Instagram-Famous ‘Mochi Muffins’ Shipping Nationwide For The First Time Ever

If you’re from or have been to the San Francisco Bay Area recently, you know that the hot sweet treat around there is the Mochi Muffin. Third Culture Bakery, the shop behind the viral and widespread treat, is now making their signature food available for purchase nationwide for the first time ever.

Owners Sam Butarbutar and Wenter Shyu have been growing the Third Culture Bakery brand, with a new bakeshop having opened a few weeks back in Colorado. With the coronavirus pandemic drastically affecting everyone, however, the company decided to expand their Mochi Muffin offering to nationwide masses yearning to get a taste.

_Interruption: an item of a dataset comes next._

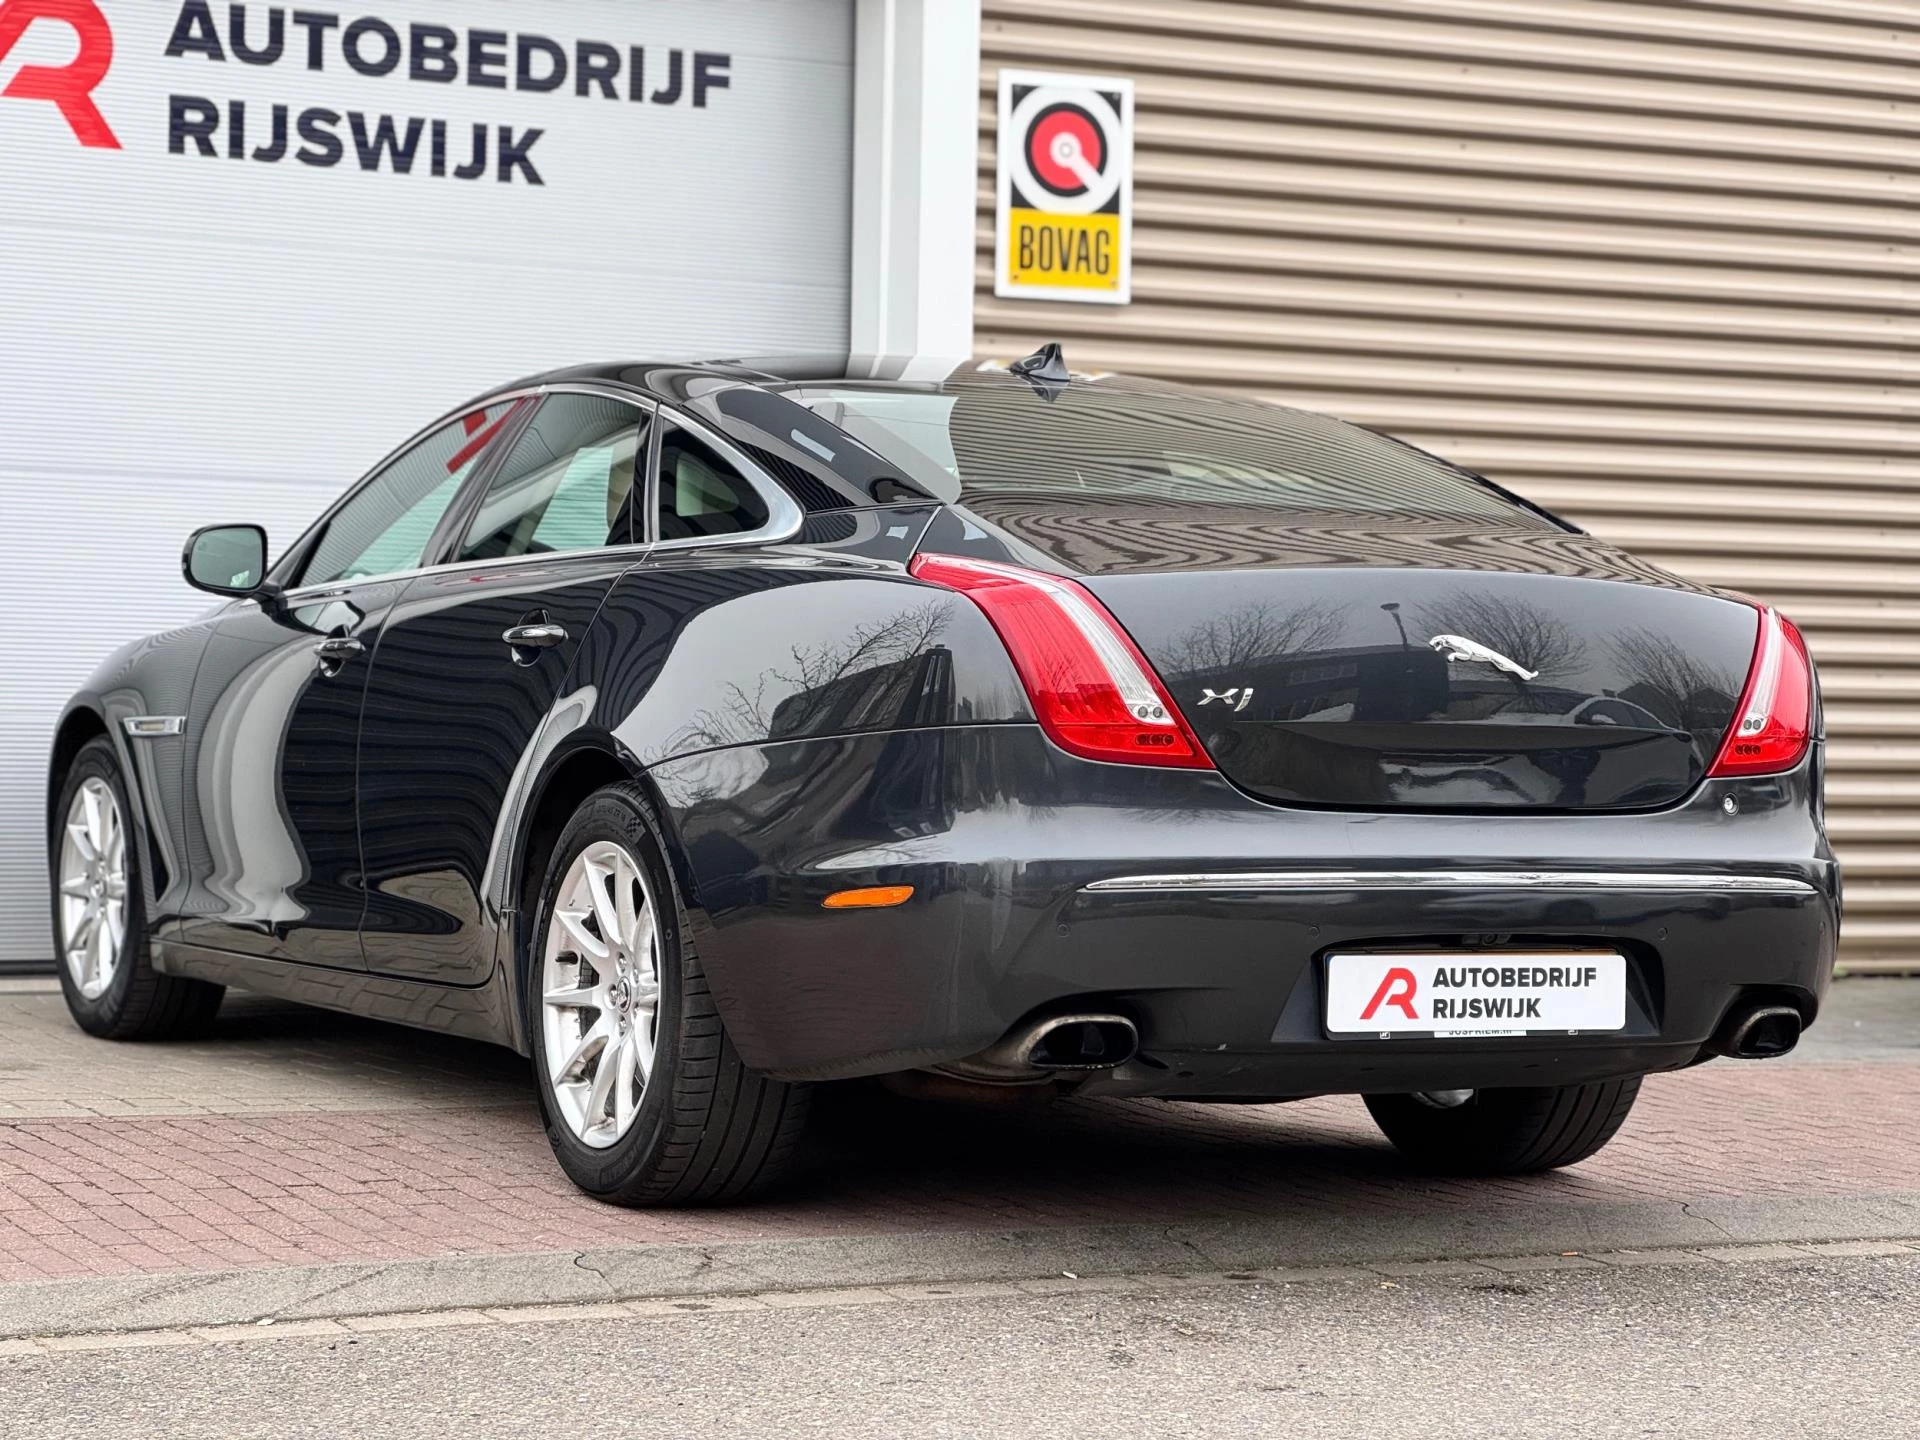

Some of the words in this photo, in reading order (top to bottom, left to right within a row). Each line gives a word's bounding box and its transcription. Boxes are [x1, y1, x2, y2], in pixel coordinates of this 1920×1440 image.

As of press time, Third Culture is only selling their Original Mochi Muffin nationwide, rather than branching out into the other flavors they make for shipping just yet. Shyu told Foodbeast that their other flavors of the mochi muffins will be available for national delivery later this week. Folks who live within UberEats ranges for their Bay Area and Denver also have access to the showrooms’ full online menus.

The Original Mochi Muffins are sweet while nutty, with a base of rice flour and ingredients like sesame and pandan that add to their aroma. They’re also incredibly squishy, and might be the closest to an edible stress ball we’ll ever get to.

You can now find these Mochi Muffins for sale on Third Culture’s website in packs of either 6 or 12, alongside other items like Uji Ceremonial Matcha, rice flour totes, and other apparel. Shyu told Foodbeast that they’ve already shipped to 16 states so far.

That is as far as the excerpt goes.